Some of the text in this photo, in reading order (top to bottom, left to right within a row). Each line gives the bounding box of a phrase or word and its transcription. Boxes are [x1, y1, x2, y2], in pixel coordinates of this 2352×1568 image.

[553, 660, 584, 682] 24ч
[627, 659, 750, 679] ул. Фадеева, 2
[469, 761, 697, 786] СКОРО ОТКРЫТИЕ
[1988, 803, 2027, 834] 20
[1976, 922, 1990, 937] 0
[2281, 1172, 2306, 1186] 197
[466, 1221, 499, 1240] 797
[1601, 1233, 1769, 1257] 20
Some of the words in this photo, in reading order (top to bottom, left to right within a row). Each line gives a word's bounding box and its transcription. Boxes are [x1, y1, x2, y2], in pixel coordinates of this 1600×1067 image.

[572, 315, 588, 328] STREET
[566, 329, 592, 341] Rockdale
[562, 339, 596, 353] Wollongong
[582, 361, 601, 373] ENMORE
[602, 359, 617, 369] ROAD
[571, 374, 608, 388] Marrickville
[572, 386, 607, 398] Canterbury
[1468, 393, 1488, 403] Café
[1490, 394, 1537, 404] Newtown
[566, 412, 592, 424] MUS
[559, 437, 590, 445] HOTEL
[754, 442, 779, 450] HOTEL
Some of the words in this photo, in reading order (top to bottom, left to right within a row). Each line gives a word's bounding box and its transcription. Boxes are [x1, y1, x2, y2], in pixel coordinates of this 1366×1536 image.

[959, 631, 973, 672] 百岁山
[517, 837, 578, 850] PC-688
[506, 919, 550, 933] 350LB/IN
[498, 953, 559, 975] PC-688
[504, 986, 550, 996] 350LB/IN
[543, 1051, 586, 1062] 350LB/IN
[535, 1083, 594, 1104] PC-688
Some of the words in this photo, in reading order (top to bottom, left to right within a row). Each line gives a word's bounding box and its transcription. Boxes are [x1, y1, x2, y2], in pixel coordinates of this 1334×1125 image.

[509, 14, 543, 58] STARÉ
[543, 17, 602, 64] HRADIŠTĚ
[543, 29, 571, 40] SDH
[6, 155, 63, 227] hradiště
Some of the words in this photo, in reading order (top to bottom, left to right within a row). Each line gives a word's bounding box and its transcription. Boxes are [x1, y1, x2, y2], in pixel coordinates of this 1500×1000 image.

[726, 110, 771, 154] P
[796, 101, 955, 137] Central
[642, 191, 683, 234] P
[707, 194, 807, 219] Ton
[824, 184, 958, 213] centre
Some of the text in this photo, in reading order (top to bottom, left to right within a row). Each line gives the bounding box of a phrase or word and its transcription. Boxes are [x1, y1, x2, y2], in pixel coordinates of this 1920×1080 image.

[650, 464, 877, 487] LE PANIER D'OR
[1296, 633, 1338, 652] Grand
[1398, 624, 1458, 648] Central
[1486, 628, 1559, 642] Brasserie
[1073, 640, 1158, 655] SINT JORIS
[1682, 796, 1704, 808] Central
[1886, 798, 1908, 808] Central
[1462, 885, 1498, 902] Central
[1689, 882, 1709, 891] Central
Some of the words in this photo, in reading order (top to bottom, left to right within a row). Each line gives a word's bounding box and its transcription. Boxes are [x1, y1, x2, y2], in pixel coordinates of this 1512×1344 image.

* Task directions *
Reproduce the listing exactly, leaving nothing out.

* Answer section *
Some of the text in this photo, in reading order (top to bottom, left to right within a row). Each line gives the bounding box of a phrase or word and its transcription. Boxes are [x1, y1, x2, y2], in pixel coordinates of this 2352×1568 image.

[553, 660, 584, 682] 24ч
[627, 659, 750, 679] ул. Фадеева, 2
[469, 761, 697, 786] СКОРО ОТКРЫТИЕ
[1988, 803, 2027, 834] 20
[1976, 922, 1990, 937] 0
[2281, 1172, 2306, 1186] 197
[466, 1221, 499, 1240] 797
[1601, 1233, 1769, 1257] 20
Some of the words in this photo, in reading order (top to bottom, left to right within a row). Each line gives a word's bounding box and its transcription. Boxes are [x1, y1, x2, y2], in pixel coordinates of this 1600×1067 image.

[572, 315, 588, 328] STREET
[566, 329, 592, 341] Rockdale
[562, 339, 596, 353] Wollongong
[582, 361, 601, 373] ENMORE
[602, 359, 617, 369] ROAD
[571, 374, 608, 388] Marrickville
[572, 386, 607, 398] Canterbury
[1468, 393, 1488, 403] Café
[1490, 394, 1537, 404] Newtown
[566, 412, 592, 424] MUS
[559, 437, 590, 445] HOTEL
[754, 442, 779, 450] HOTEL
Some of the words in this photo, in reading order (top to bottom, left to right within a row). Each line gives a word's bounding box and its transcription. Boxes are [x1, y1, x2, y2], in pixel coordinates of this 1366×1536 image.

[959, 631, 973, 672] 百岁山
[517, 837, 578, 850] PC-688
[506, 919, 550, 933] 350LB/IN
[498, 953, 559, 975] PC-688
[504, 986, 550, 996] 350LB/IN
[543, 1051, 586, 1062] 350LB/IN
[535, 1083, 594, 1104] PC-688
Some of the words in this photo, in reading order (top to bottom, left to right within a row). Each line gives a word's bounding box and its transcription. Boxes are [x1, y1, x2, y2], in pixel coordinates of this 1334×1125 image.

[509, 14, 543, 58] STARÉ
[543, 17, 602, 64] HRADIŠTĚ
[543, 29, 571, 40] SDH
[6, 155, 63, 227] hradiště
Some of the words in this photo, in reading order (top to bottom, left to right within a row). Each line gives a word's bounding box and its transcription. Boxes are [x1, y1, x2, y2], in pixel coordinates of this 1500×1000 image.

[726, 110, 771, 154] P
[796, 101, 955, 137] Central
[642, 191, 683, 234] P
[707, 194, 807, 219] Ton
[824, 184, 958, 213] centre
Some of the text in this photo, in reading order (top to bottom, left to right within a row). Each line gives the bounding box of a phrase or word and its transcription. Boxes are [x1, y1, x2, y2], in pixel coordinates of this 1920×1080 image.

[650, 464, 877, 487] LE PANIER D'OR
[1296, 633, 1338, 652] Grand
[1398, 624, 1458, 648] Central
[1486, 628, 1559, 642] Brasserie
[1073, 640, 1158, 655] SINT JORIS
[1682, 796, 1704, 808] Central
[1886, 798, 1908, 808] Central
[1462, 885, 1498, 902] Central
[1689, 882, 1709, 891] Central
Some of the words in this photo, in reading order (top to bottom, left to right within a row). Each line gives a word's bounding box and its transcription. Boxes are [x1, y1, x2, y2], in pixel coordinates of this 1512×1344 image.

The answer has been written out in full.